Nous sommes très vigilants sur ce risque. Nous contrôlons directement les financements des formations. Certains projets, d’aide humanitaire notamment, sont mis en œuvre, soit directement par l’Ambassade, soit à travers des ONGs partenaires ou des organisations internationales (Programme Alimentaire Mondial, Organisation Internationale pour les Migrations), avec des procédures strictes de gestion des crédits. S’agissant des projets de développement de l’Agence Française de Développement, dont l’État haïtien est maître d’ouvrage, la maîtrise d’œuvre, et donc la gestion des fonds, est généralement assurée par une structure partenaire (Expertise France ou ONG).
Quelle est la prochaine étape concernant « le projet du secrétaire général des Nations Unies pour sécuriser le financement de la mission multinationale d'appui à la sécurité » ?
Cette mission internationale, qui à ce jour n’a déployé que 1.000 policiers et militaires contre les 2.500 prévus, reste le meilleur outil dont dispose la communauté internationale pour accompagner la lutte contre les gangs, qui ne cessent de conquérir de nouveaux territoires et répandent la terreur. Il est donc essentiel de sécuriser son financement, tout en ayant à l’esprit que l’État haïtien doit aussi accroître son effort en matière de sécurité, car toute force internationale a vocation à n’être que transitoire.
Hélène Conway-Mouret : « Il faut désormais nous assurer que les autres membres du conseil de sécurité iront dans le même sens »
La prochaine étape sera de plaider pour que le conseil de sécurité des Nations Unies adopte la proposition du secrétaire général António Guterres, dont l’engagement en faveur d’Haïti doit être salué. Nous avons obtenu une réponse claire de Jean-Noël Barrot, ministre de l’Europe et des Affaires étrangères, qui a tenu à être présent en personne pour le débat au Sénat sur la résolution, et qui a indiqué que la France soutiendrait la proposition du secrétaire général.
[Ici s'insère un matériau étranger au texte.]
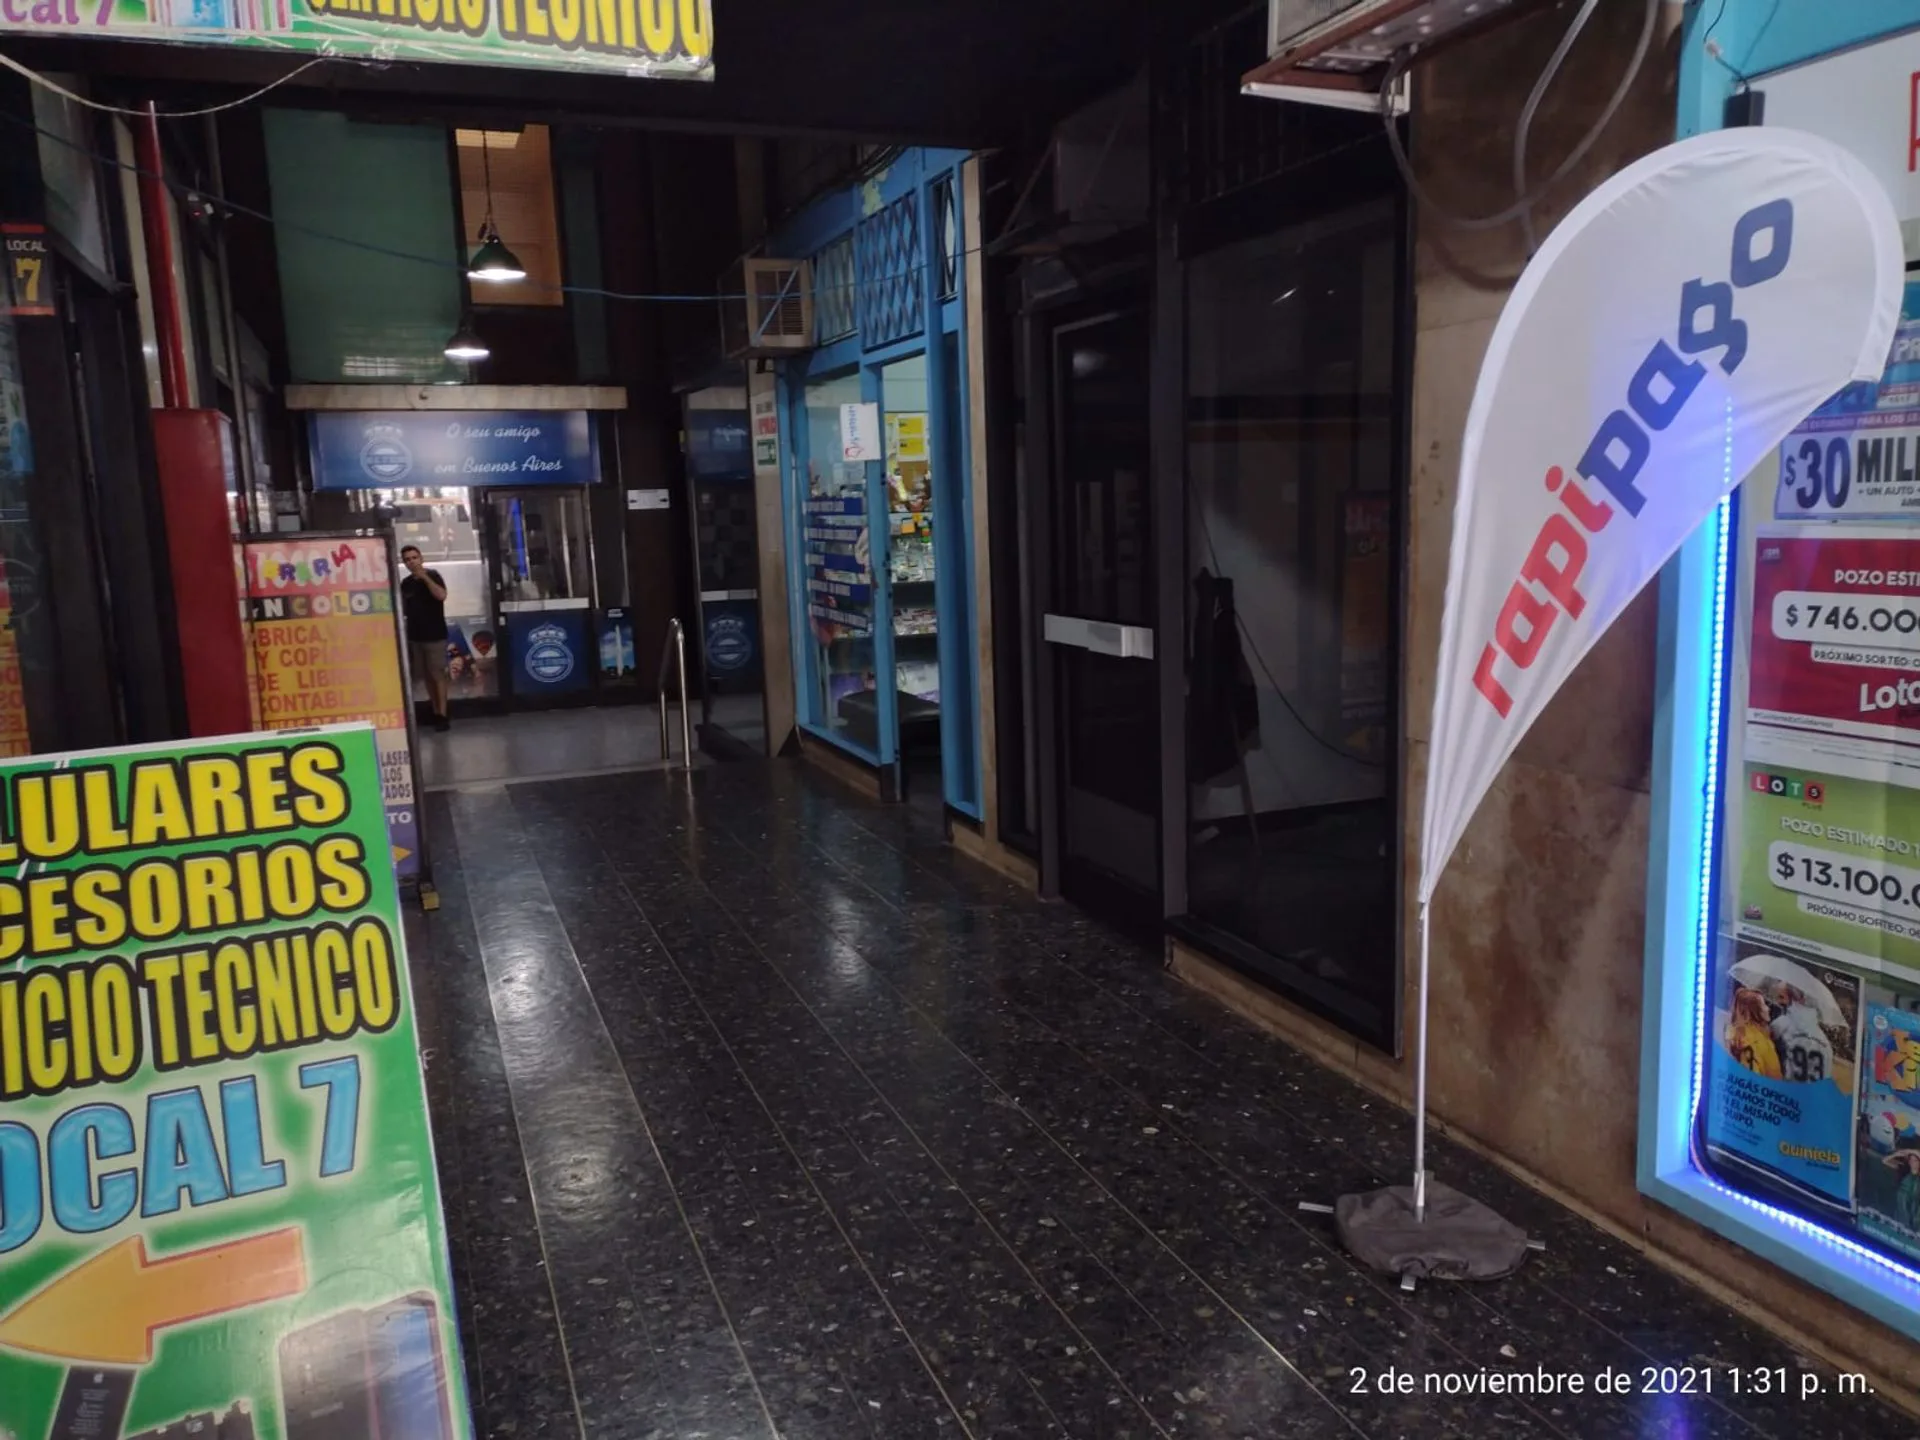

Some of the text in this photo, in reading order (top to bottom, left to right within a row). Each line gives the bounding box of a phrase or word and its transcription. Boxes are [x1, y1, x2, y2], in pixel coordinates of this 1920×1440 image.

Il faut désormais nous assurer que les autres membres du conseil de sécurité iront dans le même sens, c’est le travail qui mobilise nos diplomates dans les semaines à venir.
« Je veux apporter un message de soutien aux 1.000 ressortissants français qui vivent en Haïti, et saluer le travail de notre ambassadeur Antoine Michon et de son équipe », exprime la sénatrice Hélène Conway-Mouret.
Avez-vous un message particulier à nos lecteurs concernant la région Caraïbe ?
Je veux d’abord apporter un message de soutien aux 1.000 ressortissants français qui vivent en Haïti, et saluer le travail de notre ambassadeur Antoine Michon et de son équipe qui sont totalement mobilisés pour assurer la continuité des services diplomatiques et consulaires, en dépit de conditions matérielles extrêmement difficiles.
Je rappelle également que la France, par ses territoires d’outre-mer, est un pays Caribéen. À ce titre, nous partageons un destin commun, qui doit encourager notre coopération régionale. C’est à ce niveau-là que nous trouverons les leviers nécessaires pour lutter ensemble contre les trafics, contre les effets du changement climatique, mais aussi pour une meilleure intégration, des échanges plus fluides et une dynamique économique qui soit porteuse de progrès social pour tous.